▸ Assignment: What is needed is a word-for-word copy of the listing below, without pictures.

▸ Given records:
--- --- ---

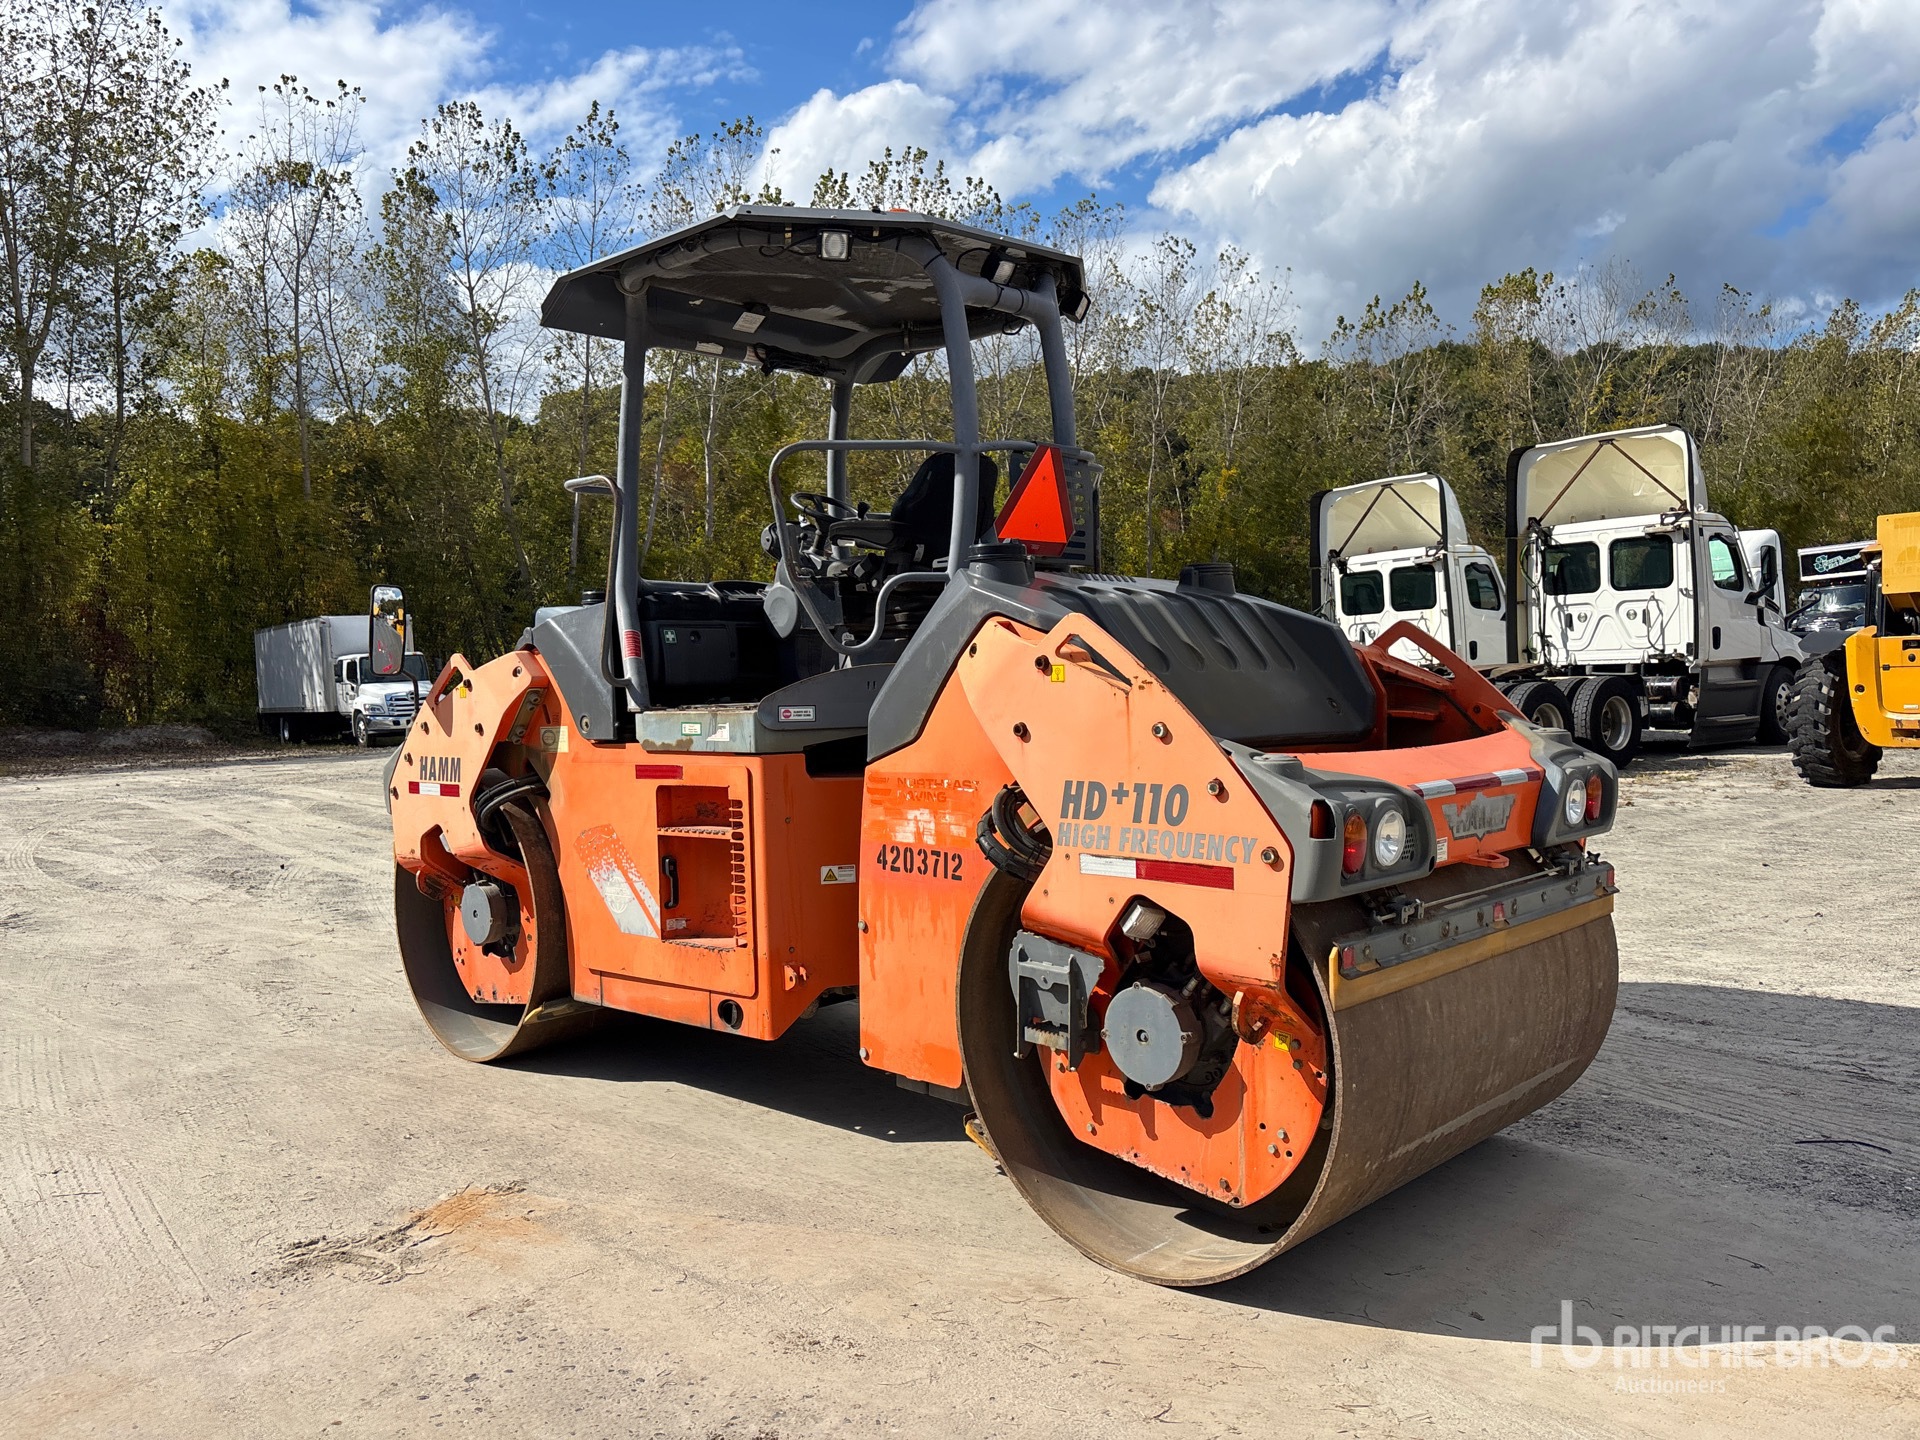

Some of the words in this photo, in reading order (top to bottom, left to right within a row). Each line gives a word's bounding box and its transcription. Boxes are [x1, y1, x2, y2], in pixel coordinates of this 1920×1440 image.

[420, 756, 461, 782] HAMM
[1059, 780, 1189, 826] HD+110
[876, 844, 964, 881] 4203712
[1057, 822, 1111, 851] HIGH
[1117, 827, 1258, 865] FREQUENCY

--- --- ---

▸ Task solution:
Some of the words in this photo, in reading order (top to bottom, left to right within a row). Each line gives a word's bounding box and its transcription. Boxes are [x1, y1, x2, y2], in pixel coordinates of this 1920×1440 image.

[420, 756, 461, 782] HAMM
[1059, 780, 1189, 826] HD+110
[876, 844, 964, 881] 4203712
[1057, 822, 1111, 851] HIGH
[1117, 827, 1258, 865] FREQUENCY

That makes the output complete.